Part of Advances in Neural Information Processing Systems 33 (NeurIPS 2020)
Murtaza Rangwala, Ryan Williams
Learning communication via deep reinforcement learning has recently been shown to be an effective way to solve cooperative multi-agent tasks. However, learning which communicated information is beneficial for each agent's decision-making process remains a challenging task. In order to address this problem, we explore relational reinforcement learning which leverages attention-based networks to learn efficient and interpretable relations between entities. On the foundation of relations, we introduce a novel communication architecture that exploits a memory-based attention network that selectively reasons about the value of information received from other agents while considering its past experiences.
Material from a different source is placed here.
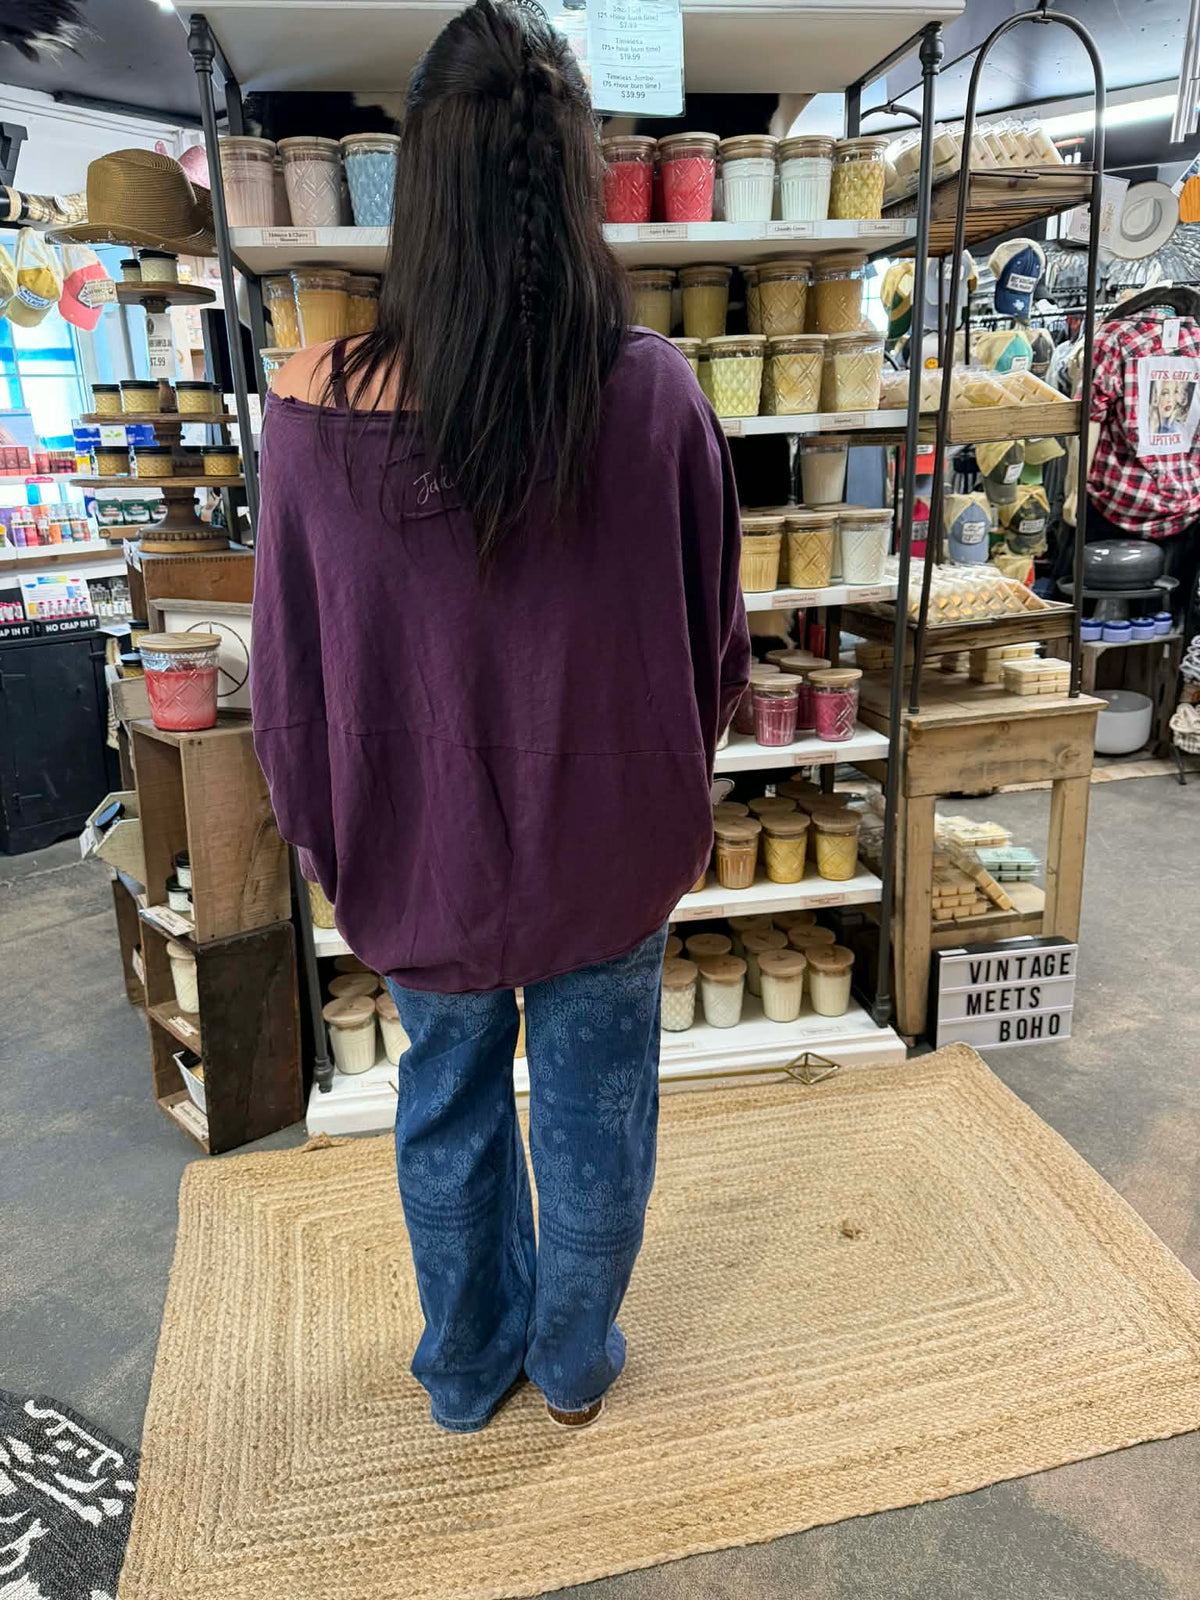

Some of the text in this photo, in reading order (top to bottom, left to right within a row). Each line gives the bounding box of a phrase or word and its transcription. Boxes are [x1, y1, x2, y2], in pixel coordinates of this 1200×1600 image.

Specifically, the model communicates by first computing the relevance of messages received from other agents and then extracts task-relevant information from memories given the newly received information. We empirically demonstrate the strength of our model in cooperative and competitive multi-agent tasks, where inter-agent communication and reasoning over prior information substantially improves performance compared to baselines. We further show in the accompanying videos and experimental results that the agents learn a sophisticated and diverse set of cooperative behaviors to solve challenging tasks, both for discrete and continuous action spaces using on-policy and off-policy gradient methods. By developing an explicit architecture that is targeted towards communication, our work aims to open new directions to overcome important challenges in multi-agent cooperation through learned communication.